I often wonder if my hit-and-run driver was texting:
In 2017, 1,549 people died in automobile accidents in the State of Georgia. Sixty percent of those accidents were single car accidents, according to the Georgia DOT. Most often, these are situations where the driver was distracted by something in the car, like the radio or even more commonly, a cell phone or smartphone. This means that nearly 700 people died in accidents where distracted driving could have played a role when they were not the distracted driver, not to mention the over 900 people that may have been killed as a result of their own distracted driving. Additionally, over 50 percent of all individuals killed were not wearing their seatbelts.
Everyone has seen another driver on the road, looking down at their phone, completely ignoring the situation around them. Most people have also probably been guilty of doing the same thing.

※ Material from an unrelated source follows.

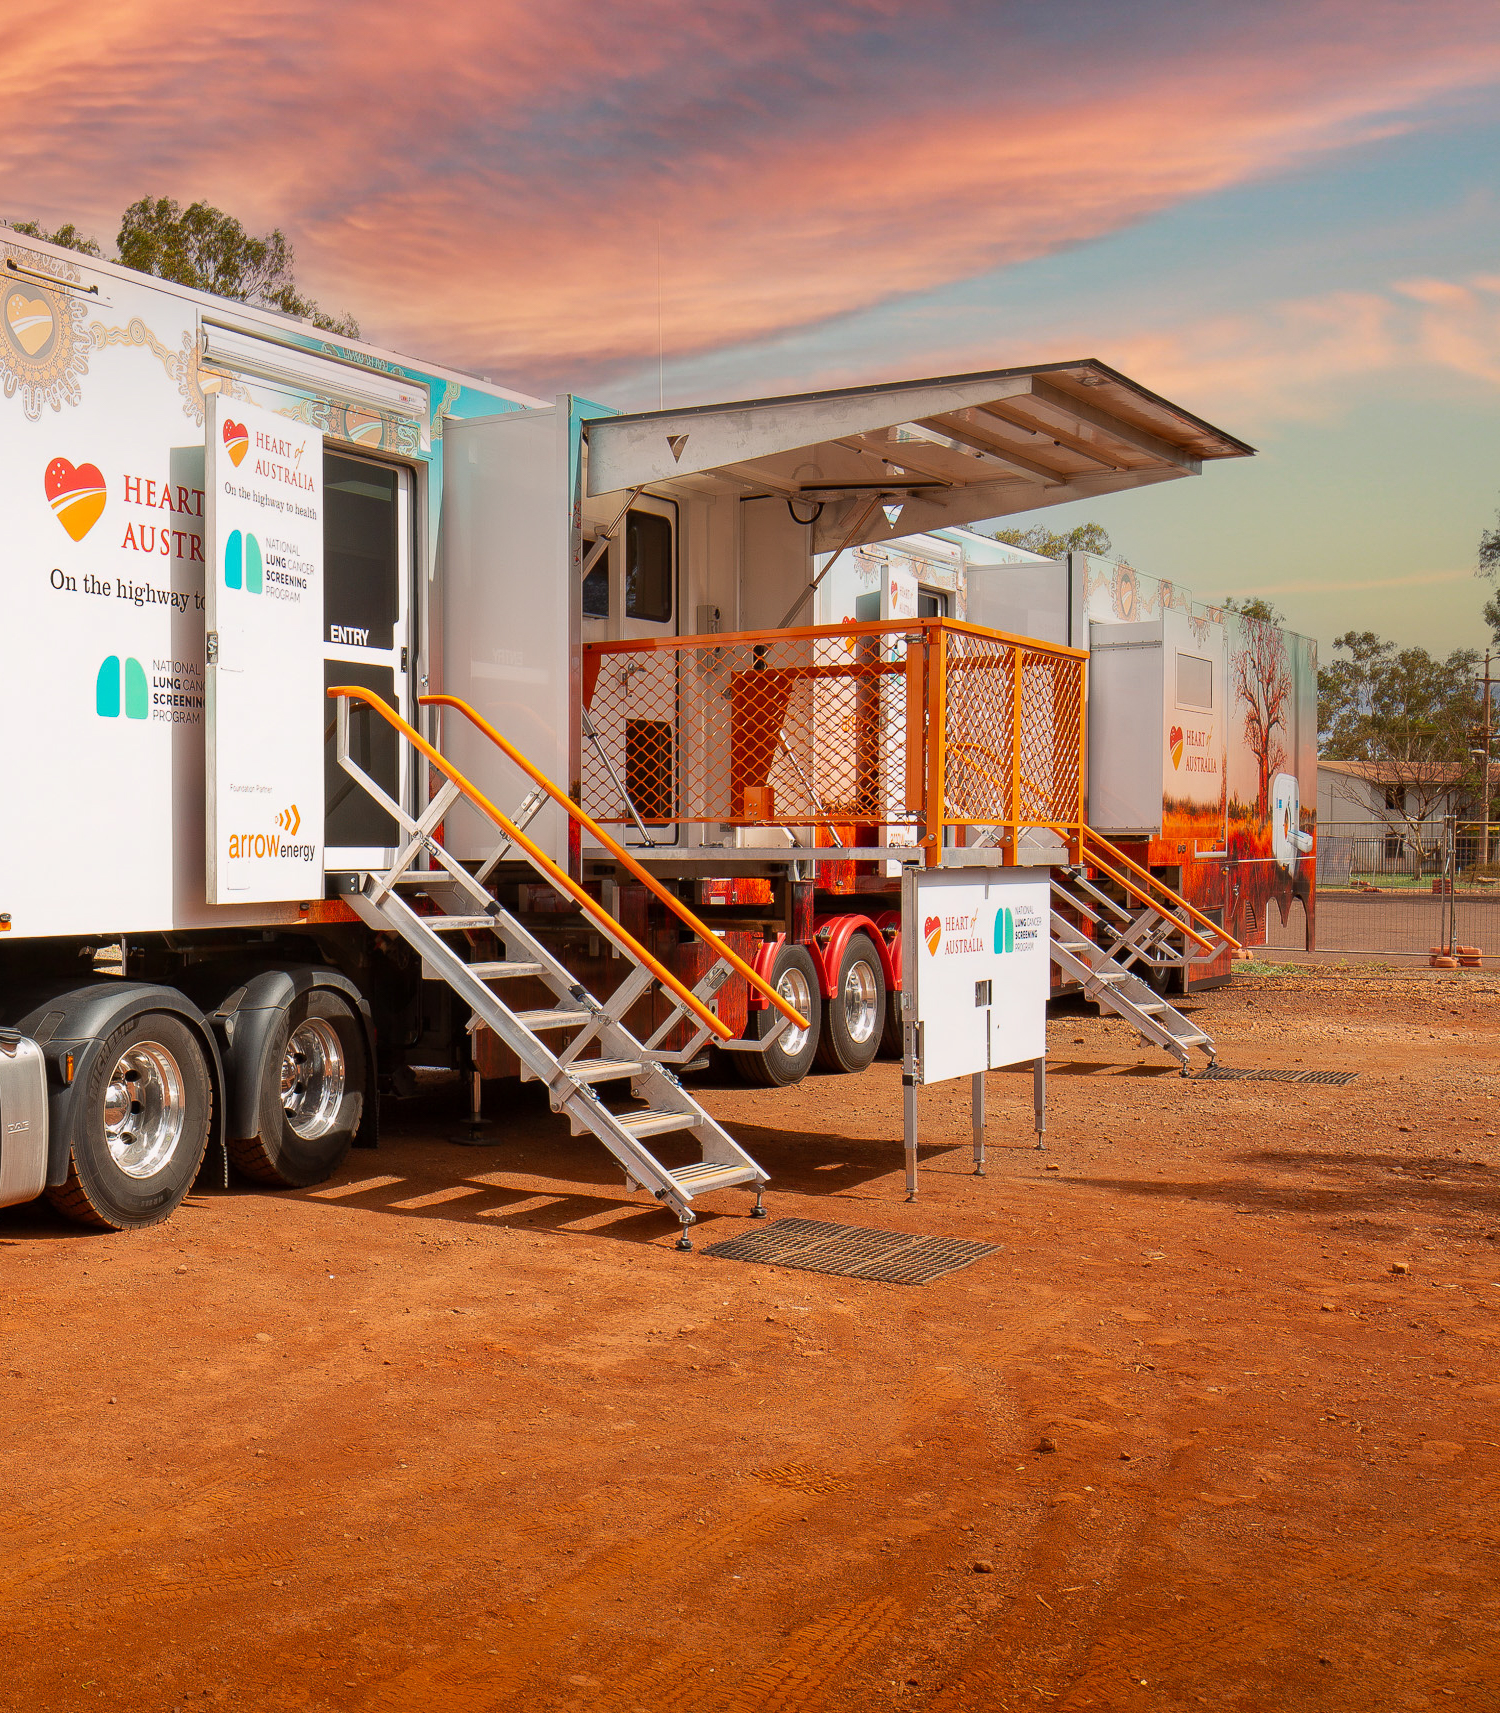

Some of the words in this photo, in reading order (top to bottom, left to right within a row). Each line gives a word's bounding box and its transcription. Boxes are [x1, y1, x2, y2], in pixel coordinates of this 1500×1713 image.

But even though these distractions may seem short, realize that at 60 miles per hour, you will travel 88 feet in one second, meaning that every time you look down at your phone, even just briefly, you will have traveled the length of 1/3 of a football field.

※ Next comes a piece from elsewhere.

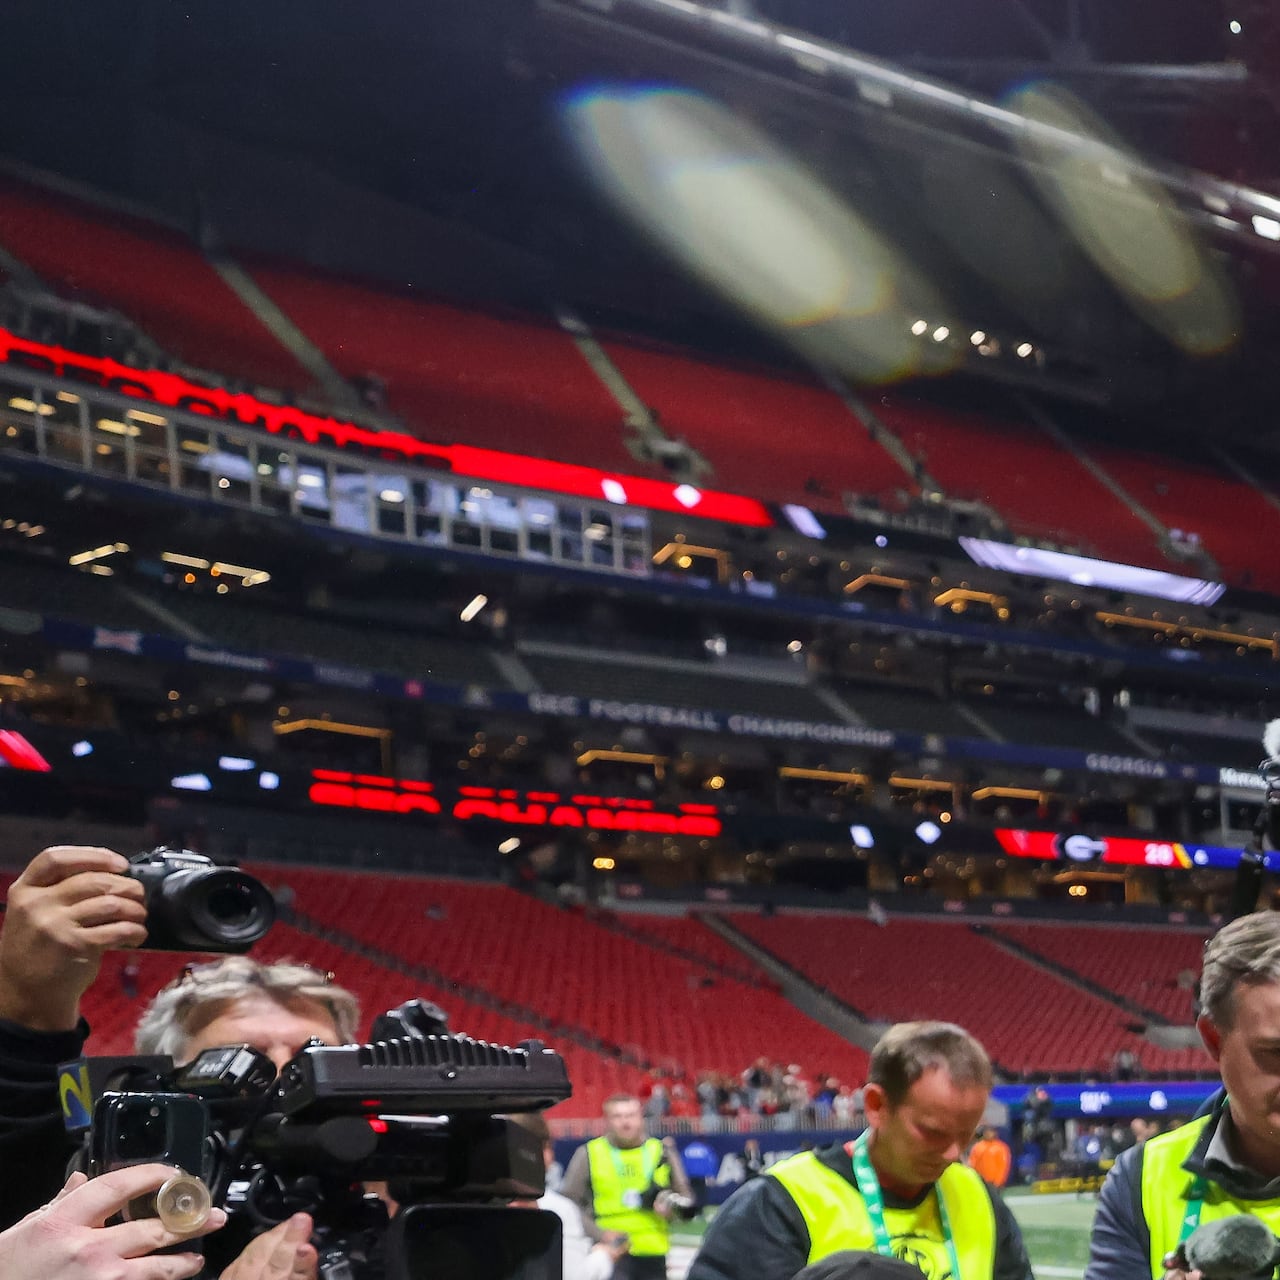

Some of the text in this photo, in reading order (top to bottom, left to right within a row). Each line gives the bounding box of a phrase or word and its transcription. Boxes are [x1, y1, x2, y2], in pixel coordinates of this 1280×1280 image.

[589, 699, 720, 732] FOOTBALL
[728, 713, 895, 747] CHAMPIONSHIP
[1086, 753, 1168, 778] GEORGIA

Despite these statistics, distracted driving continues to be a problem, and it continues to cause injuries and death. Do not become a statistic yourself. Keep your phone out of sight while driving. Turn on “Do Not Disturb” mode. If your vehicle has a way to connect to your phone for calls and audio, do that before you begin driving, and only use the hands-free connection for calls if you absolutely must. No phone call or text message is worth injury or death. And always wear your seat belt.
If, however, despite your best efforts, you or a loved one is involved in an automobile accident resulting in injury or death, you need to make sure that your rights are protected and that any individual who is at fault is held responsible for their actions – whether distracted driving or otherwise.

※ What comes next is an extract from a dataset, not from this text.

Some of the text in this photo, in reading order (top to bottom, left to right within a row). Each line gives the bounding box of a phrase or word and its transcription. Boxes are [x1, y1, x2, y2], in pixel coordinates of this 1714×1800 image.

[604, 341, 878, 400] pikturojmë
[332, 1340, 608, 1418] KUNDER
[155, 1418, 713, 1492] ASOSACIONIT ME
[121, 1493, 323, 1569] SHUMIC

“Distracted driving is such an unnecessary cause of car accident deaths,” said Cade Parian, a partner with The Parian Law Firm, a West Georgia Personal Injury Law Firm. “Every driver is responsible for their own actions, and for acting in a manner that doesn’t pose a danger to the others on the road. These deaths show that not everyone follows that rule – but that’s why we have laws designed to hold someone that acts in that manner responsible.”